Your assignment:
Would you set down each line of the data below exactly?
######
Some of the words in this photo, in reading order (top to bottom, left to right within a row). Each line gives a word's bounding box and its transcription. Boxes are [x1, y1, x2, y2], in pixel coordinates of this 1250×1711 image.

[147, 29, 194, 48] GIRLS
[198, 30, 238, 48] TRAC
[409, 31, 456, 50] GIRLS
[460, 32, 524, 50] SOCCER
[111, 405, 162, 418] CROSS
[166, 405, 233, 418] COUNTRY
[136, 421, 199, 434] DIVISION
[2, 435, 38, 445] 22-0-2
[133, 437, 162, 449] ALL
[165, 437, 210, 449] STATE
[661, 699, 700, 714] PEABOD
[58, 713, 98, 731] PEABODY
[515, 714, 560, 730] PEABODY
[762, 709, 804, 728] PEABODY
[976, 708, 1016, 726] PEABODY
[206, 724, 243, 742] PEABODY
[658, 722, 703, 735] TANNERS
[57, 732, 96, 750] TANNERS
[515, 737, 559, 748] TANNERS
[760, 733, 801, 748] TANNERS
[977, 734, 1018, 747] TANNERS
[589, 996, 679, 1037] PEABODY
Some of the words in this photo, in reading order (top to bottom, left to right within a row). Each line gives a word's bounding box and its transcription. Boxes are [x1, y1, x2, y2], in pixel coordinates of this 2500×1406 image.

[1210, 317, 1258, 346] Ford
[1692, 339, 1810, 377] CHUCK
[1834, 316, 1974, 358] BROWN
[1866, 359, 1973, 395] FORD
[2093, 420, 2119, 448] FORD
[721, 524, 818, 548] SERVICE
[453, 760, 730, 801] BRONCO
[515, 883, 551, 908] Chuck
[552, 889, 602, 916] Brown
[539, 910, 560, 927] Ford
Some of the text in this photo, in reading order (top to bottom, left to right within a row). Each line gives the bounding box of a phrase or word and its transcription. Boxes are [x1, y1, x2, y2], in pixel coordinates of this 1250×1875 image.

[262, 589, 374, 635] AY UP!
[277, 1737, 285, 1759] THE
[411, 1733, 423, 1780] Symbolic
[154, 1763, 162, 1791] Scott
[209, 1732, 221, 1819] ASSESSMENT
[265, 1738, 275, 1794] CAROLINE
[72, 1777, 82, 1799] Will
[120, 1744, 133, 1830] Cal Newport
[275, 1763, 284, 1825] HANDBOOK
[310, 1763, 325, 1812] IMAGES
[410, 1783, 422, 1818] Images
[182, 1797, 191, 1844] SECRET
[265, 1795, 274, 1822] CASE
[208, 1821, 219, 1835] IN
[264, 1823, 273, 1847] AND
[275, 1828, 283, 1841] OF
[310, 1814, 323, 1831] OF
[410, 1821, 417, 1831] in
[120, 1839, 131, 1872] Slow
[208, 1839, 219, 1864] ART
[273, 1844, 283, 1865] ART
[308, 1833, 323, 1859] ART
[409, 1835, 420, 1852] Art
######
Finished exercise:
Some of the words in this photo, in reading order (top to bottom, left to right within a row). Each line gives a word's bounding box and its transcription. Boxes are [x1, y1, x2, y2], in pixel coordinates of this 1250×1711 image.

[147, 29, 194, 48] GIRLS
[198, 30, 238, 48] TRAC
[409, 31, 456, 50] GIRLS
[460, 32, 524, 50] SOCCER
[111, 405, 162, 418] CROSS
[166, 405, 233, 418] COUNTRY
[136, 421, 199, 434] DIVISION
[2, 435, 38, 445] 22-0-2
[133, 437, 162, 449] ALL
[165, 437, 210, 449] STATE
[661, 699, 700, 714] PEABOD
[58, 713, 98, 731] PEABODY
[515, 714, 560, 730] PEABODY
[762, 709, 804, 728] PEABODY
[976, 708, 1016, 726] PEABODY
[206, 724, 243, 742] PEABODY
[658, 722, 703, 735] TANNERS
[57, 732, 96, 750] TANNERS
[515, 737, 559, 748] TANNERS
[760, 733, 801, 748] TANNERS
[977, 734, 1018, 747] TANNERS
[589, 996, 679, 1037] PEABODY
Some of the words in this photo, in reading order (top to bottom, left to right within a row). Each line gives a word's bounding box and its transcription. Boxes are [x1, y1, x2, y2], in pixel coordinates of this 2500×1406 image.

[1210, 317, 1258, 346] Ford
[1692, 339, 1810, 377] CHUCK
[1834, 316, 1974, 358] BROWN
[1866, 359, 1973, 395] FORD
[2093, 420, 2119, 448] FORD
[721, 524, 818, 548] SERVICE
[453, 760, 730, 801] BRONCO
[515, 883, 551, 908] Chuck
[552, 889, 602, 916] Brown
[539, 910, 560, 927] Ford
Some of the text in this photo, in reading order (top to bottom, left to right within a row). Each line gives the bounding box of a phrase or word and its transcription. Boxes are [x1, y1, x2, y2], in pixel coordinates of this 1250×1875 image.

[262, 589, 374, 635] AY UP!
[277, 1737, 285, 1759] THE
[411, 1733, 423, 1780] Symbolic
[154, 1763, 162, 1791] Scott
[209, 1732, 221, 1819] ASSESSMENT
[265, 1738, 275, 1794] CAROLINE
[72, 1777, 82, 1799] Will
[120, 1744, 133, 1830] Cal Newport
[275, 1763, 284, 1825] HANDBOOK
[310, 1763, 325, 1812] IMAGES
[410, 1783, 422, 1818] Images
[182, 1797, 191, 1844] SECRET
[265, 1795, 274, 1822] CASE
[208, 1821, 219, 1835] IN
[264, 1823, 273, 1847] AND
[275, 1828, 283, 1841] OF
[310, 1814, 323, 1831] OF
[410, 1821, 417, 1831] in
[120, 1839, 131, 1872] Slow
[208, 1839, 219, 1864] ART
[273, 1844, 283, 1865] ART
[308, 1833, 323, 1859] ART
[409, 1835, 420, 1852] Art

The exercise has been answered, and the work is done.